TK Wonder isn’t the first to marry hip hop and electronica, but she does it like no one else. A slam poet by trade, she delivers spitfire lyrics and unexpected sounds: at times, it’s the stark and minimalist hip house of “BorderTown;” at others, the Technicolor electropop of “Won’t Lay Down.” Her signature? A beat you can’t shake for days.

It’s no surprise that TK Wonder is an artist’s dream collaborator. She is the protégé of Macedonian producer Kiril Dzajkovski and one half of Wonderkiss, alongside Swedish experimentalist Kissey — but this year, Wonder is finally giving her fans what they really want: an album of her own. We caught up with her to talk Poland Woodstock, meeting Sting, and the most beautiful place in the world. But first, have a listen to her new track “Van Gogh”.
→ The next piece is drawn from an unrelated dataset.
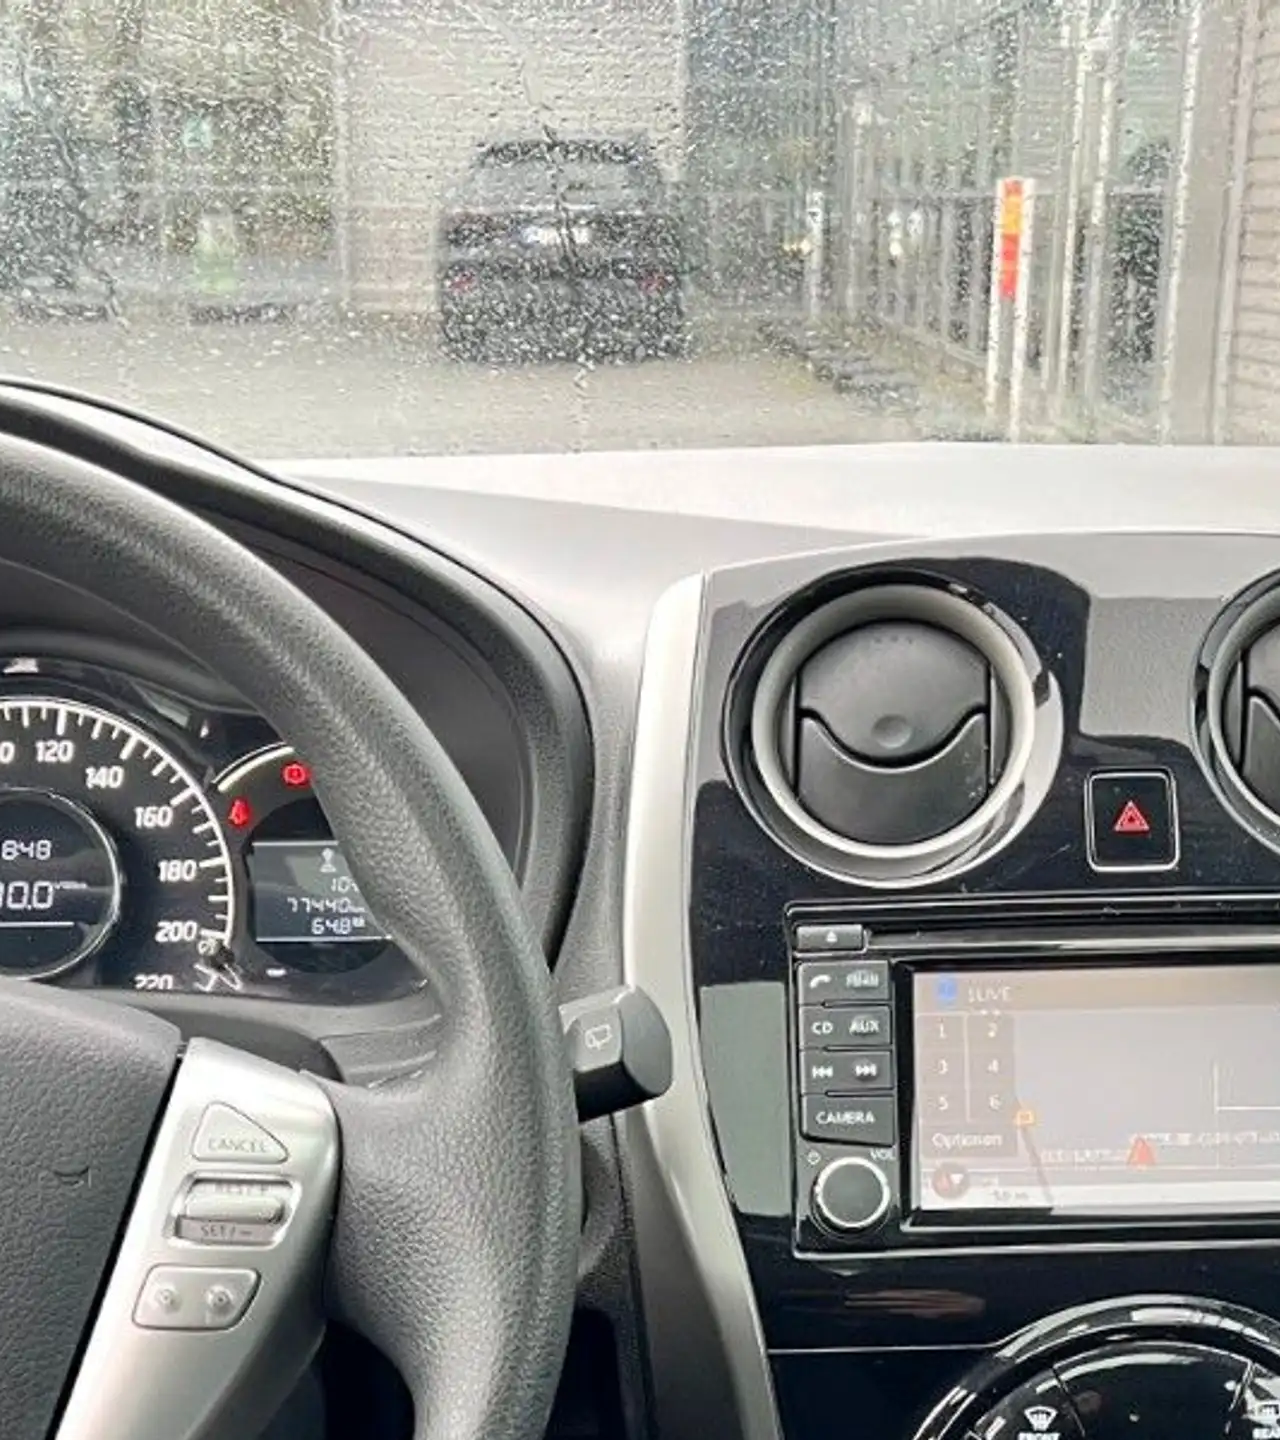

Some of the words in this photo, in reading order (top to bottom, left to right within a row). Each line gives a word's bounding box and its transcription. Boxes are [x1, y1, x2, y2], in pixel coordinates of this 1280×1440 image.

You’ve opened for some pretty big names, from Erykah Badu to Sting. How did you get your start?

A New York-based Macedonian musician saw me perform during CMJ week almost six years ago and introduced me to a critically acclaimed Macedonian composer/producer, Kiril Dzajkovski, whom I tour with every summer. My first festival show with him was Exit Fest in Novi Sad, Serbia, in front of a crowd of 15,000. I was incredibly nervous, but I pulled that show off without a hitch, thank goodness. Now I’m performing in front of crowds over 100,000. It’s daunting and exciting.

What’s been your favorite experience since then?

Quite a few, but the top memories were meeting Sting and watching his live performance. Perfection is an understatement when it comes to this man’s live show. I was in a state of bliss. Another memory is when I performed in front of half a million people for Poland Woodstock festival. I could not believe my eyes! I psyched myself out and feigned that half of the audience was CGI to calm the ol’ nerves.

What do you pack when you’re on tour?

What don’t I pack is the question. Tons of healthy snacks! I’m the only woman in a 7-man band so the guys can eat whatever, but there are some snacks that I’m unable to find in Europe, so I bring them along. Of course, my performance attire, Mac, Kindle, recording microphone…the list goes on and on.

Let’s talk about your creative process. What’s the first step?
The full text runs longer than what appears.